● **What you will do**
In the records below, the line that contains "this 1280×1260 image." marks the start. Copy it and each line after it through the end, exactly, without pictures.

● **Dataset content**

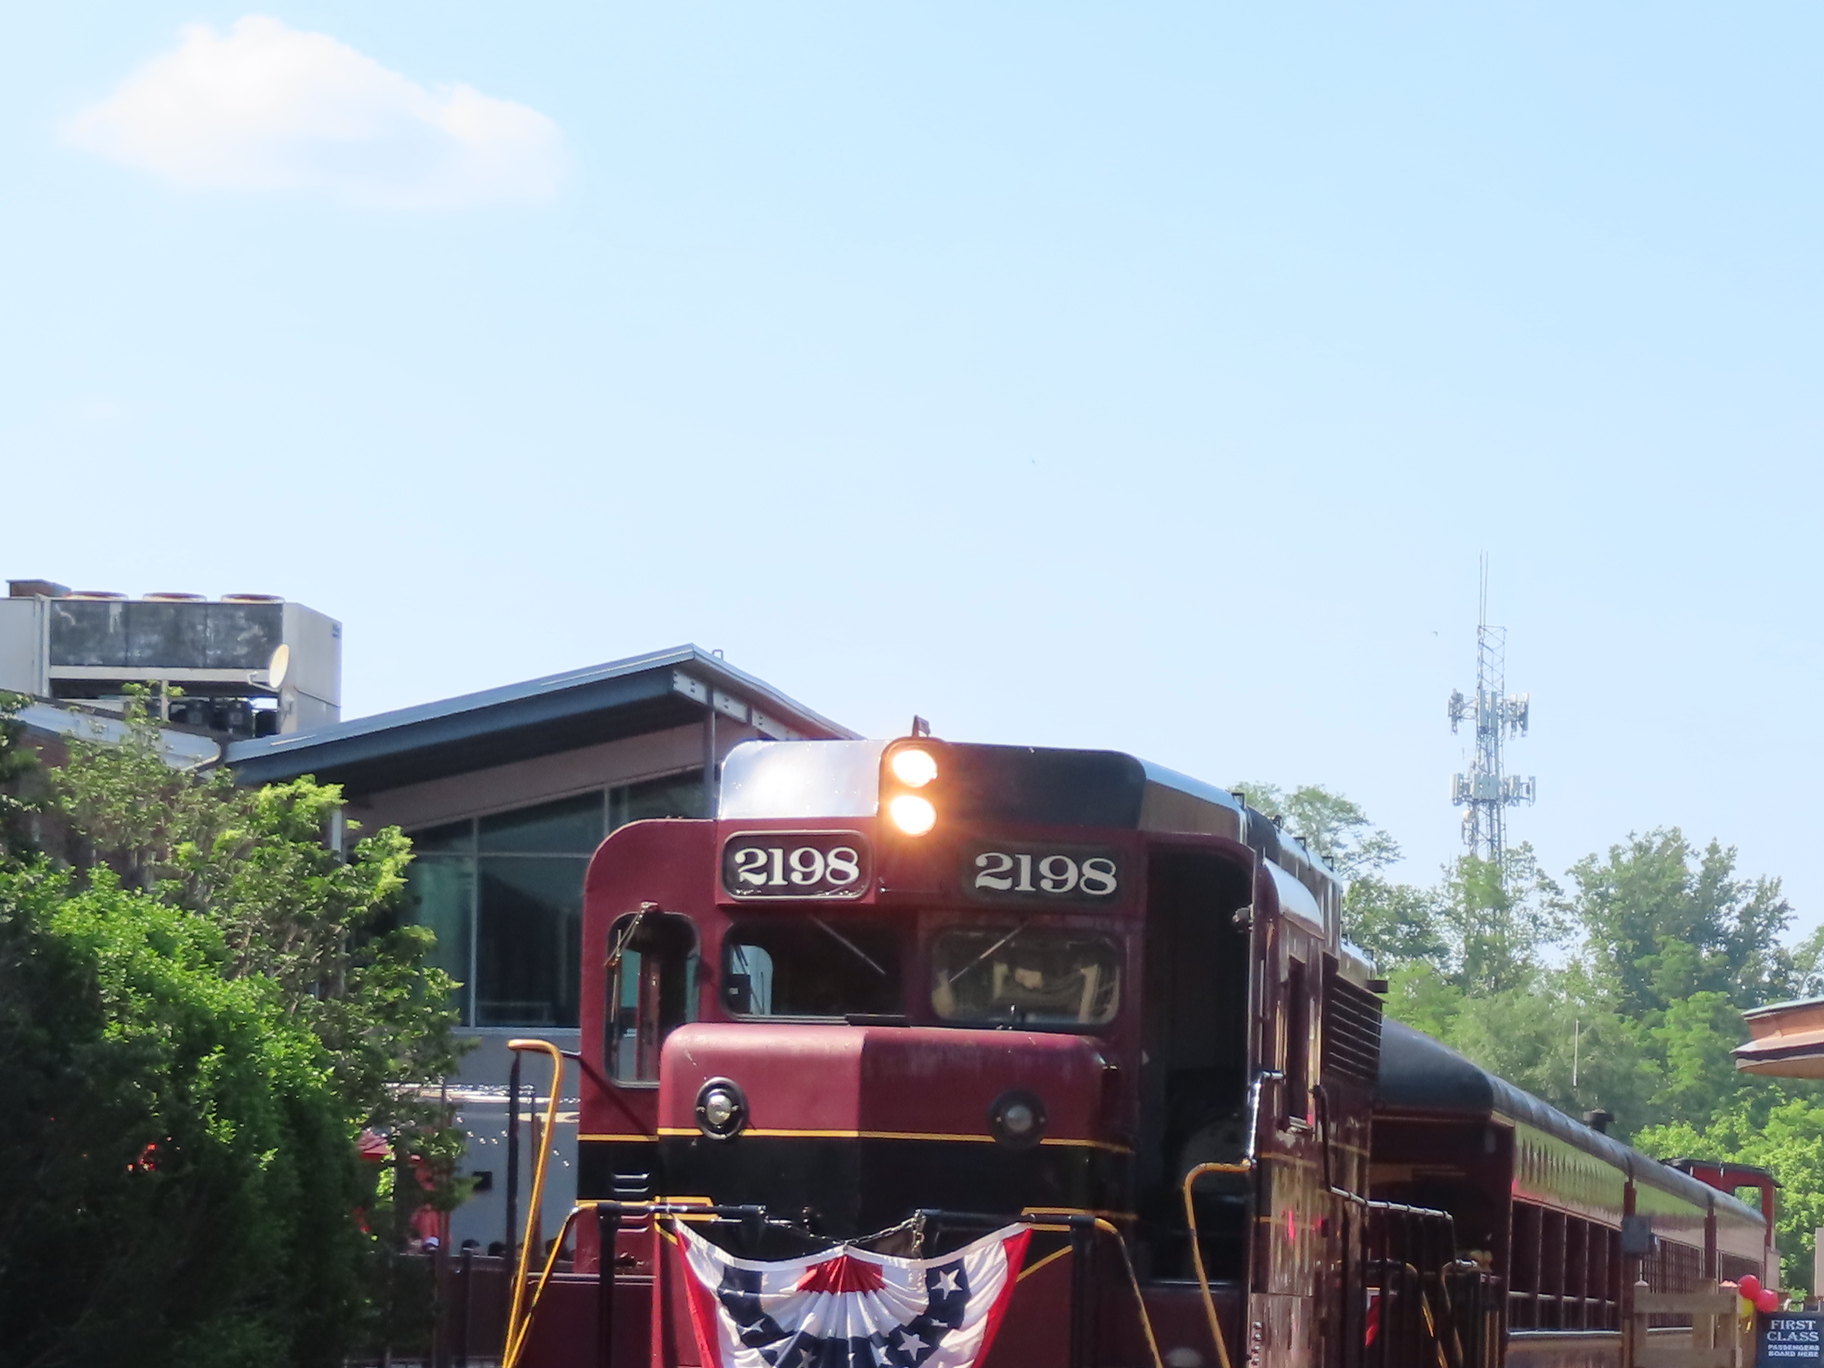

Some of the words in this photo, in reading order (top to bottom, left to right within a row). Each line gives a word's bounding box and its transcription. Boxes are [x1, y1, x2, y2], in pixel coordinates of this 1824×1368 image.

[734, 847, 860, 886] 2198
[974, 852, 1118, 895] 2198
[1766, 1331, 1820, 1342] CLASS
[1770, 1320, 1816, 1330] FIRST
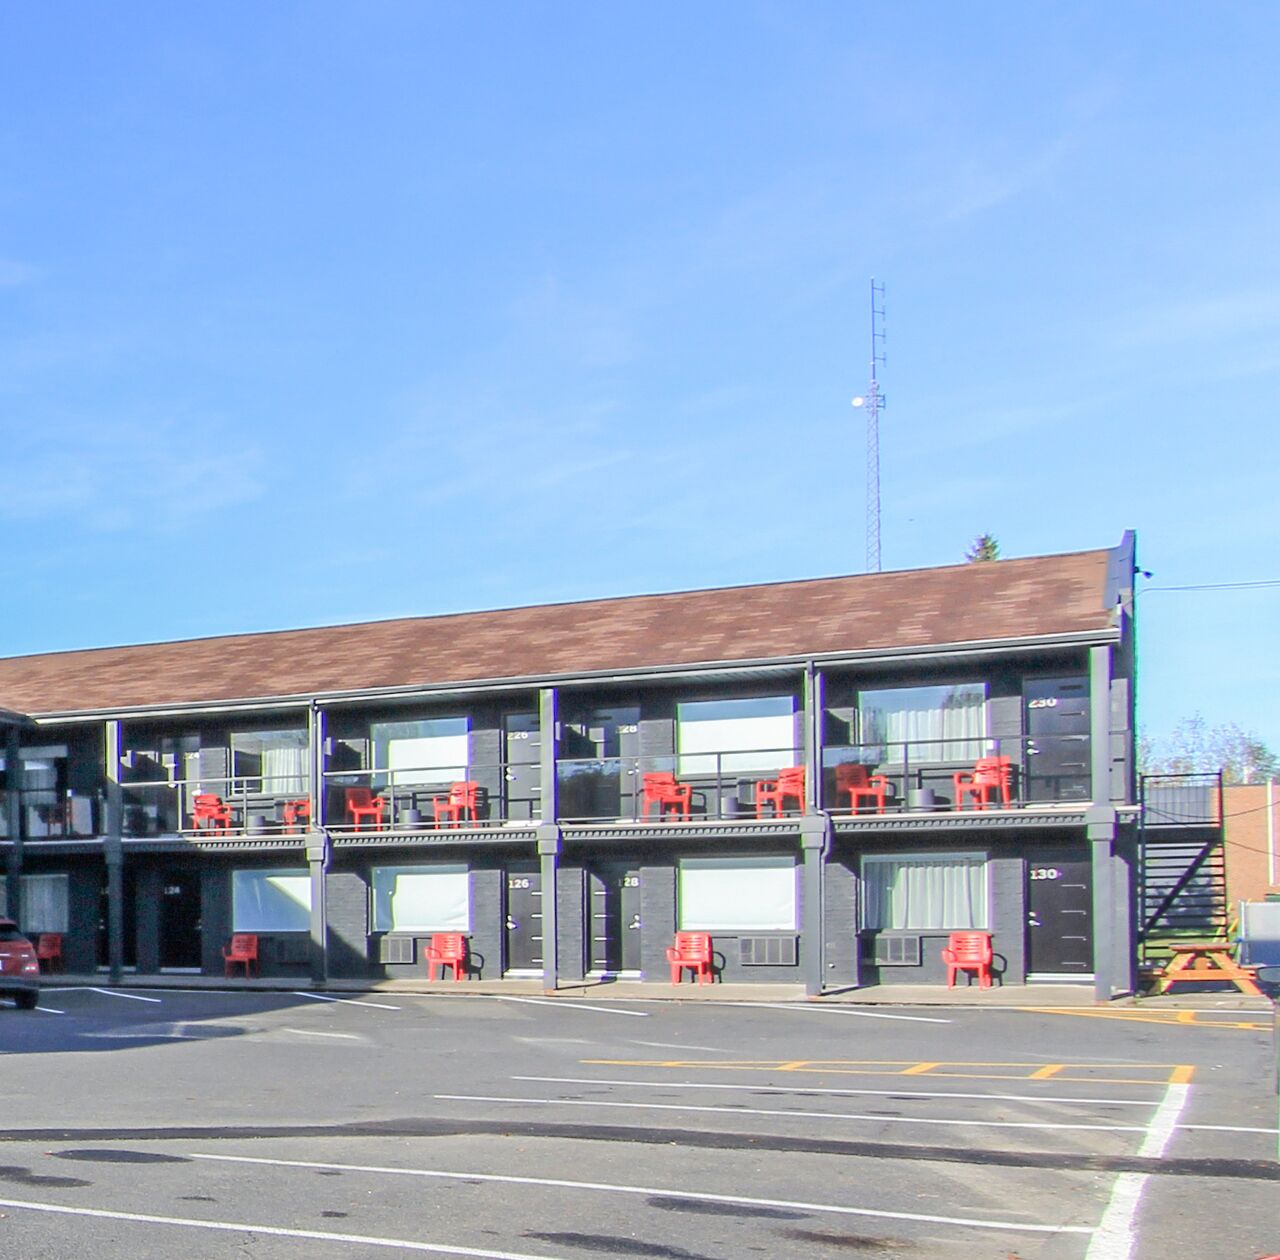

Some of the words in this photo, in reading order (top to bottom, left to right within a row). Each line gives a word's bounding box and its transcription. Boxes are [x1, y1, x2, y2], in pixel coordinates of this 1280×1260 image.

[1028, 698, 1057, 708] 230
[507, 731, 528, 740] 226
[1030, 868, 1058, 880] 130
[508, 879, 530, 889] 126
[618, 877, 640, 887] 128
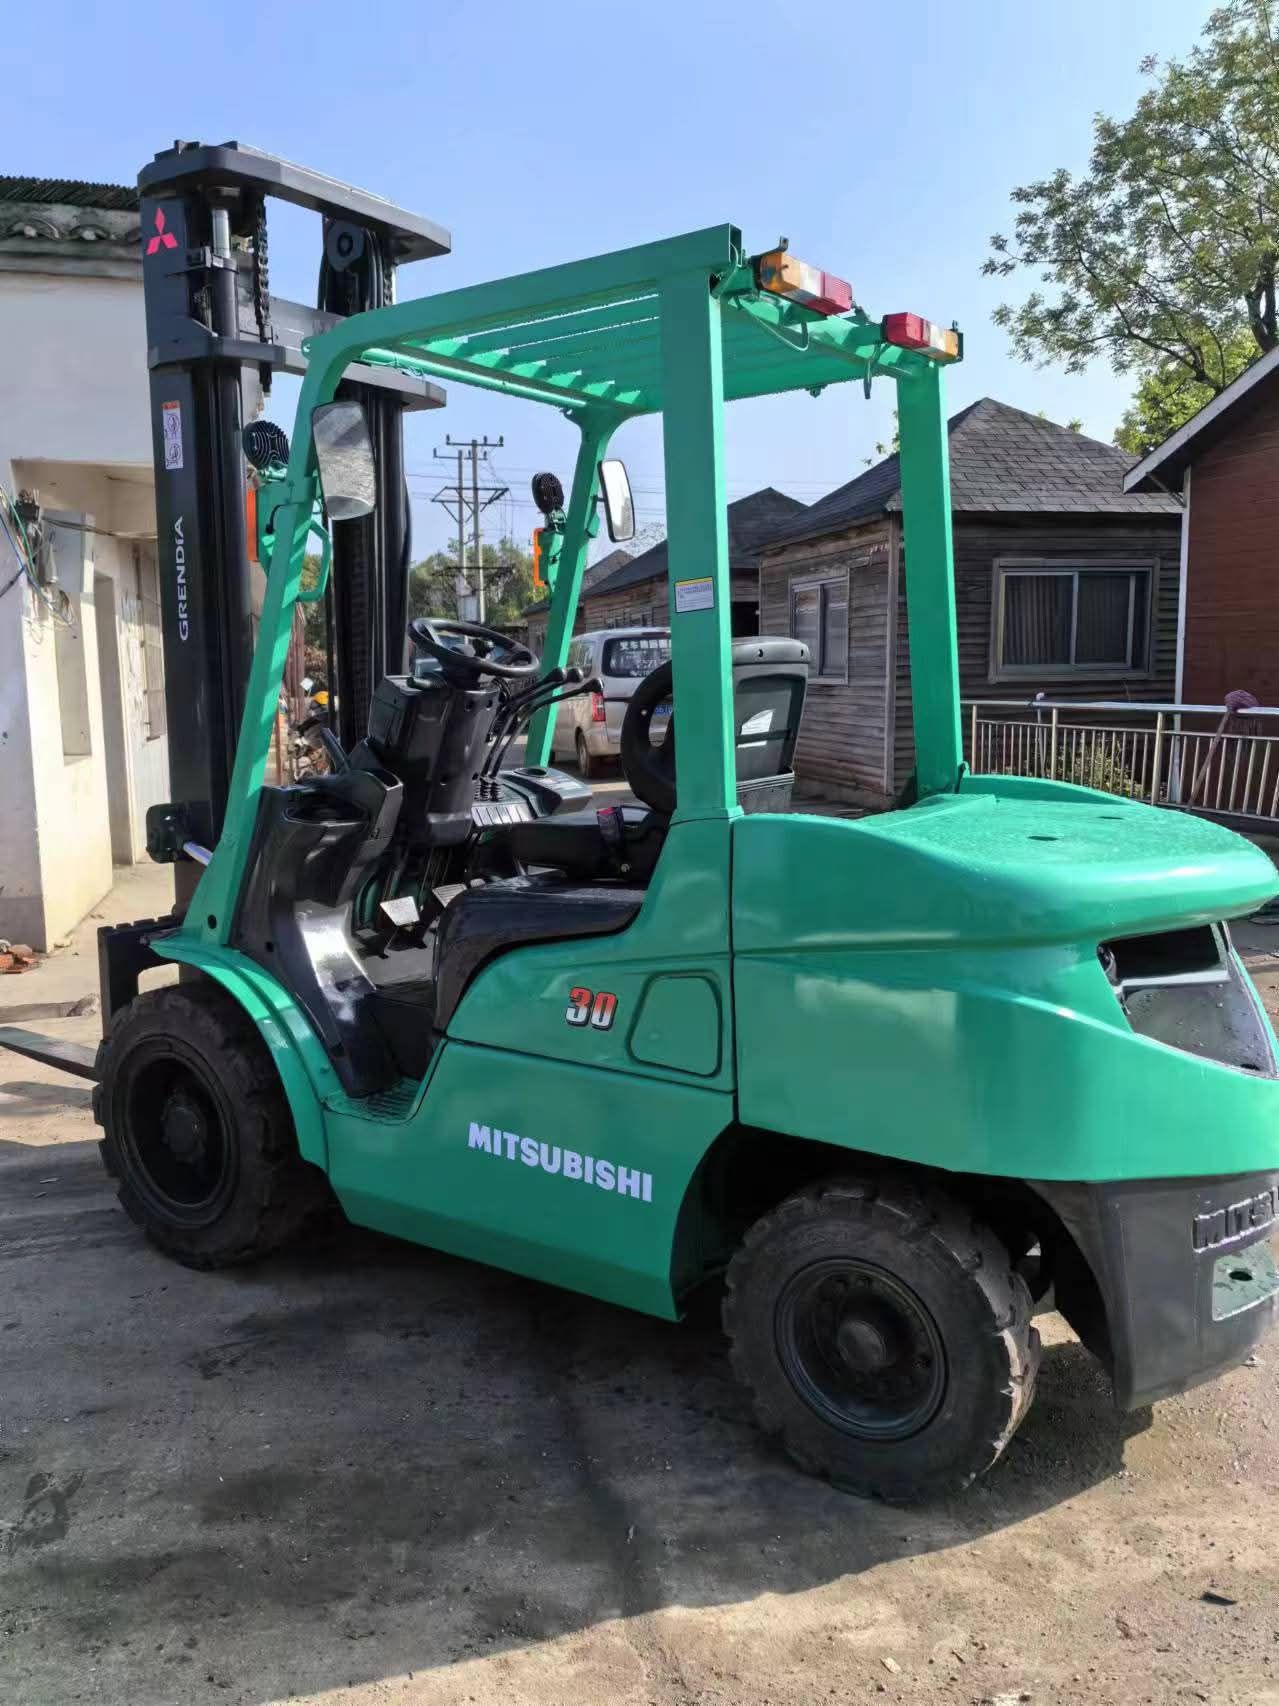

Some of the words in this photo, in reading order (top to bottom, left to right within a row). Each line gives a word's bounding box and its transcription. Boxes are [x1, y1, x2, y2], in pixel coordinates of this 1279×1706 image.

[174, 516, 189, 641] GRENDIA
[565, 986, 618, 1031] 30
[468, 1121, 652, 1202] MITSUBISHI
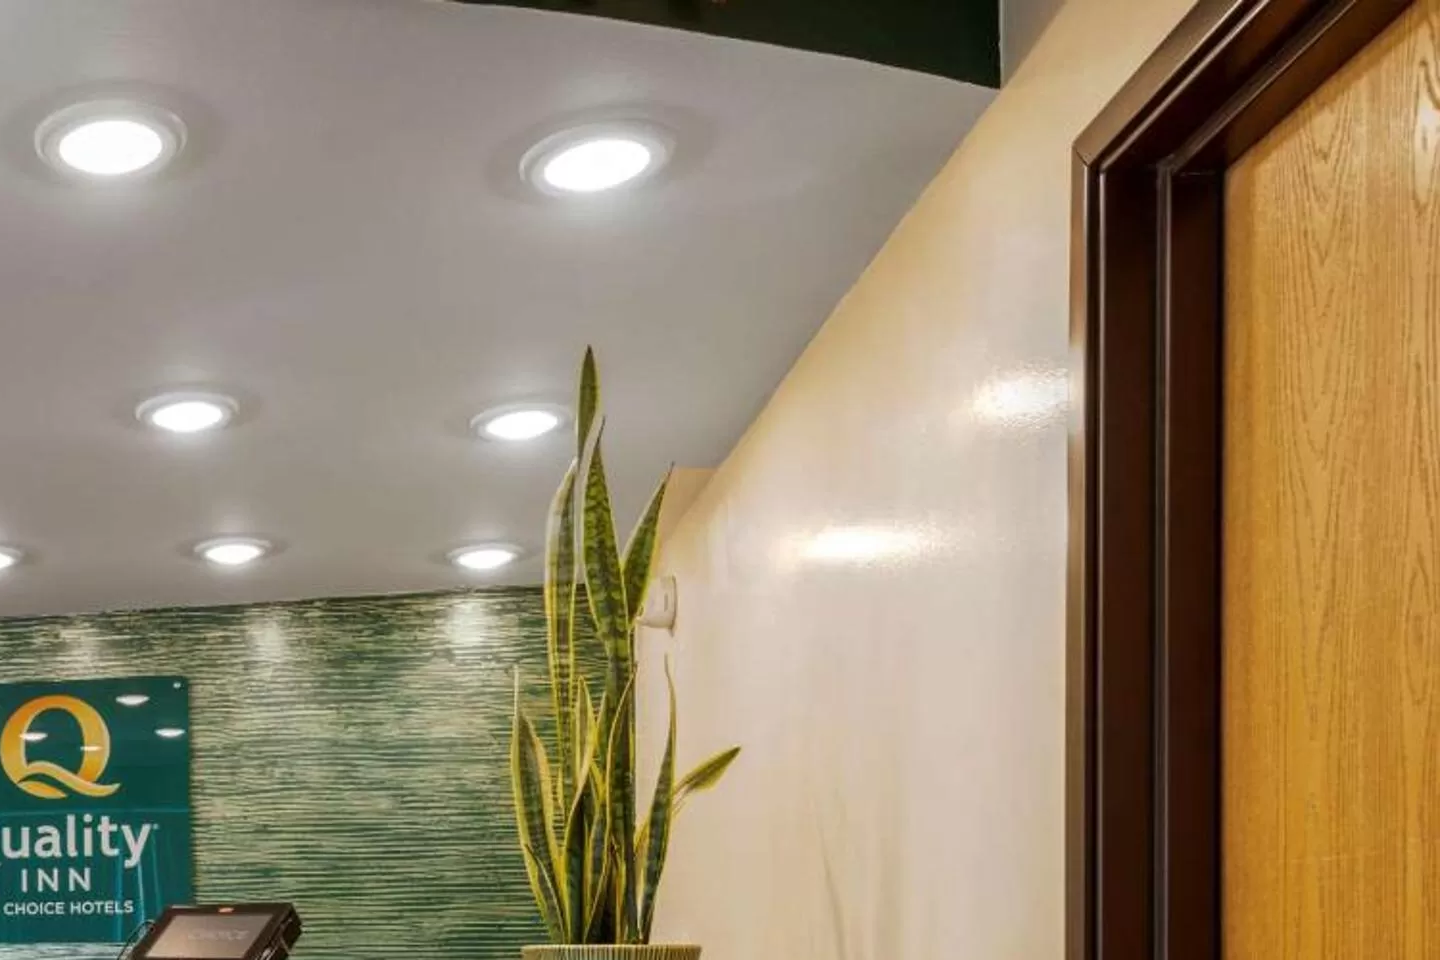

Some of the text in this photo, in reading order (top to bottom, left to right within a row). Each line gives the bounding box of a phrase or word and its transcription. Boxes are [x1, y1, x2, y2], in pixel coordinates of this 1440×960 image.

● **Response below**
Some of the words in this photo, in reading order (top to bottom, left to right within a row). Each line gives a word's bounding box and its transcription. Boxes are [x1, y1, x2, y2], in pixel coordinates of this 1280×1260 image.

[1028, 698, 1057, 708] 230
[507, 731, 528, 740] 226
[1030, 868, 1058, 880] 130
[508, 879, 530, 889] 126
[618, 877, 640, 887] 128

Some of the words in this photo, in reading order (top to bottom, left to right within a row). Each line gives a word's bounding box and its transcription. Boxes are [x1, y1, x2, y2], in pixel coordinates of this 1279×1706 image.

[174, 516, 189, 641] GRENDIA
[565, 986, 618, 1031] 30
[468, 1121, 652, 1202] MITSUBISHI

Some of the text in this photo, in reading order (top to bottom, left to right within a row). Each line gives the bounding box of a phrase or word and its transcription. Boxes are [x1, y1, x2, y2], in pixel coordinates of this 1440×960 image.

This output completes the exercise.